Two interviews : one before and one after an action that they had promised publicly to a valued group.


This is what he found:

Success rate

  • 100% of students were totally confident that they would start and complete the task the next day
  • 100% began the task
  • 50% succeeded completely (yep, only 50%)

Effects on confidence

  • 95% turned up for the post-event interview and two who were late courteously left notes rescheduling
  • The confidence of those who completed remained high.
  • The confidence of those who had not completed had plummeted (as we would expect).

Reasons for success and failure

  • When we analyzed what had gone wrong, in every instance, students had tripped over their own naivety. They tried to buy 100 T shirts of the same color without a prior order, for example. Or they hadn’t realized that long distance calls need to be pre-approved.
  • It seemed luck whether someone tripped over a practical detail or not; and therefore, luck whether they had succeeded in their task or not.

Response to failure

  • Though it was essentially luck whether they succeeded or not, if they had tripped up, their sense of self-worth (or self-efficacy) plummeted. The students had no way to see the pattern of events and no way of knowing that their success or failure was down to luck.


In the West, we are always being told to take responsibility for our lives. I am not sure I buy into this view. I think it is more important to understand cause-and-effect, and what can be influenced, and how.

In the case of these students, they had now way of seeing the overall pattern – after all that is why we were doing the research.  But, an experienced mentor or coach could help them interpret their own success or failure.

This is the advice that they would have got from an experienced mentor

  • If the day had gone well, good – enjoy the buzz of success and set a new challenge in the morning.
  • If the day had not gone well, sorry – you are feeling down, take note of what went wrong, Learn That You Cannot Anticipate Everything, and set a new challenge in the morning!

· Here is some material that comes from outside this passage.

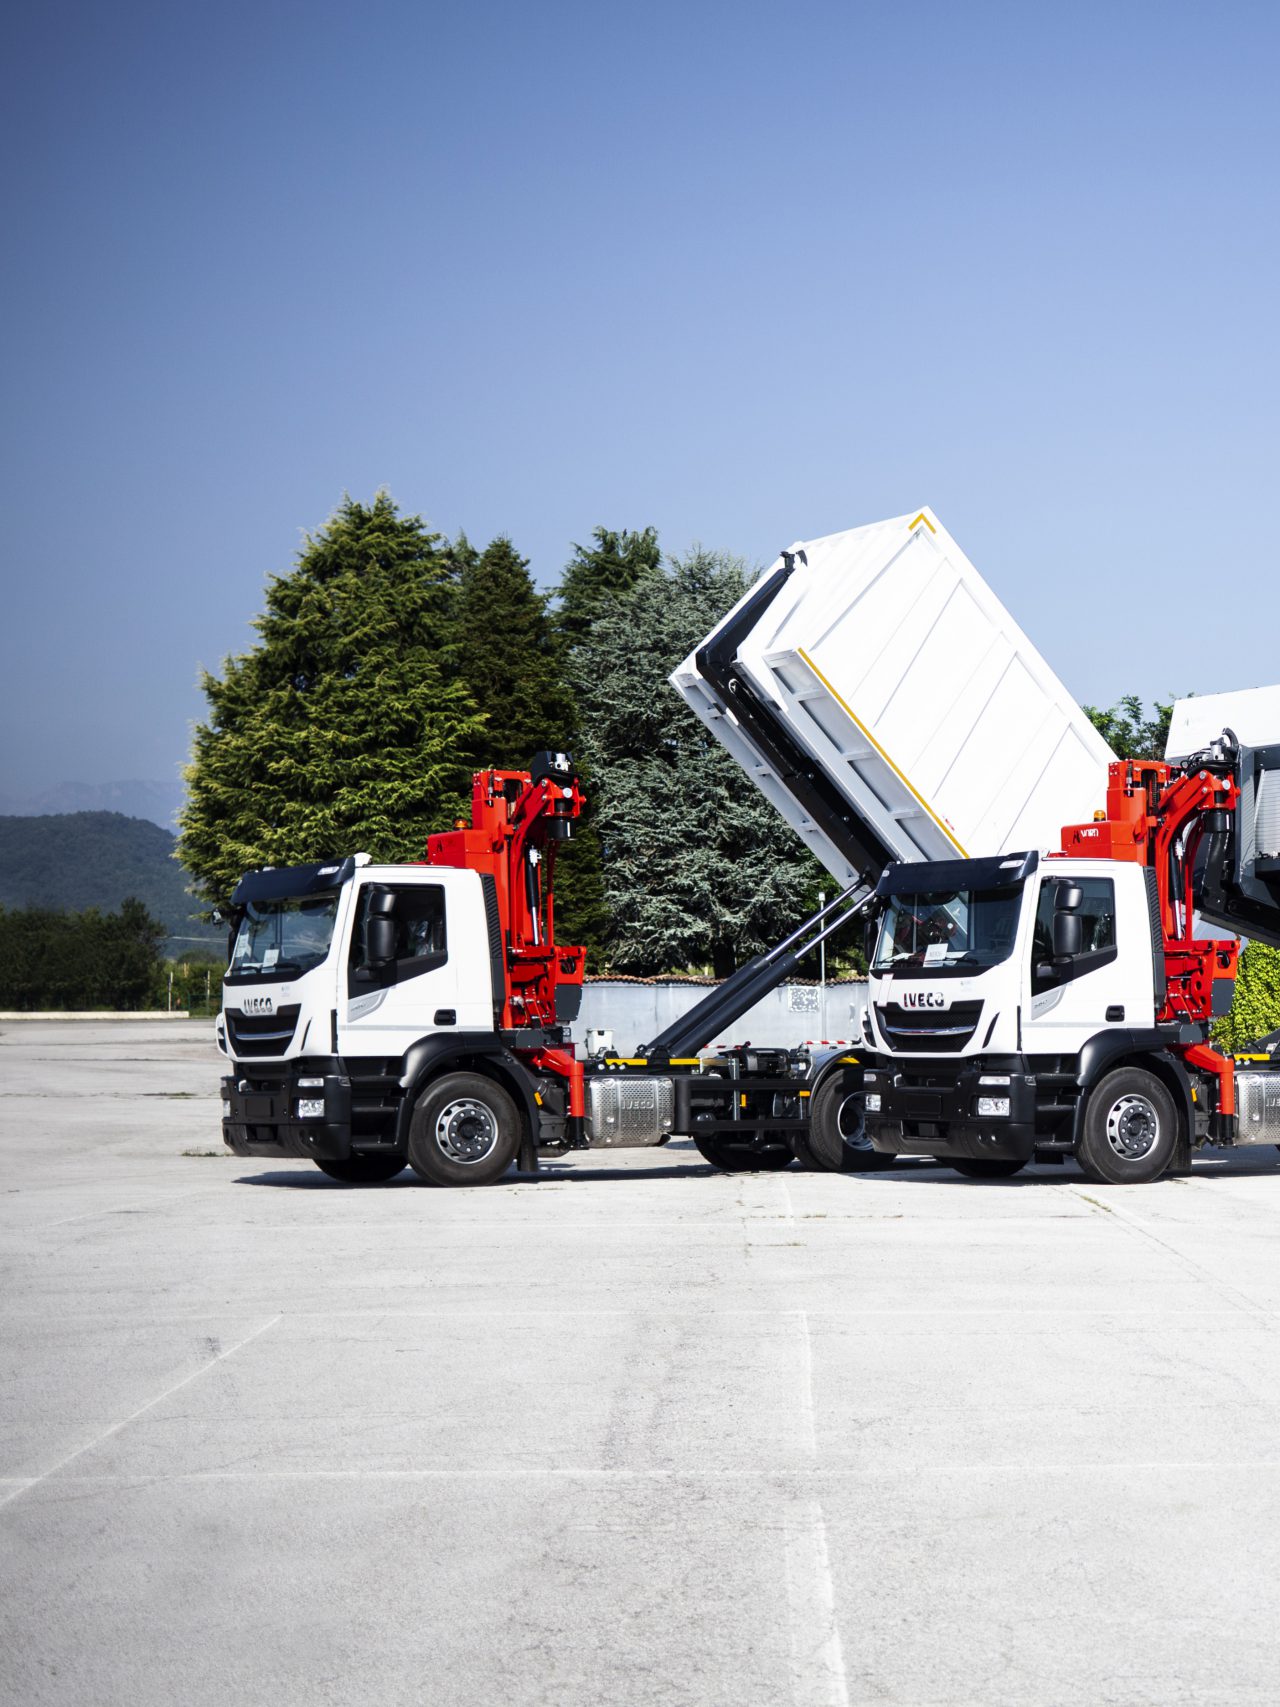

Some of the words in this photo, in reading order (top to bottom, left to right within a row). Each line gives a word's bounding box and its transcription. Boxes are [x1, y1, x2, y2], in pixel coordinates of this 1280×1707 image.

Without a mentor, life gets tough

How can we possibly distinguish between what is “down to us” and what is the normal ebb-and-flow of life without a good mentor?

Having good uncles, aunts, pastors, teachers, bosses, company-appointed mentors probably influences a youngster’s prospects in life more than anything else.

More than money, more than good looks, more than brains, more than personality. I didn’t put parents on the list because we might be too close to the action to advise young people well.

The big question that people might ask is where are the mentors today? Where do we find mentors as we go through life?

What is the process of mentoring in the UK today?  How do people following very different paths from their parents find mentors?

I’d be willing to argue that the strength of a modern society is our ability to mentor youngsters who come from very different backgrounds from ourselves.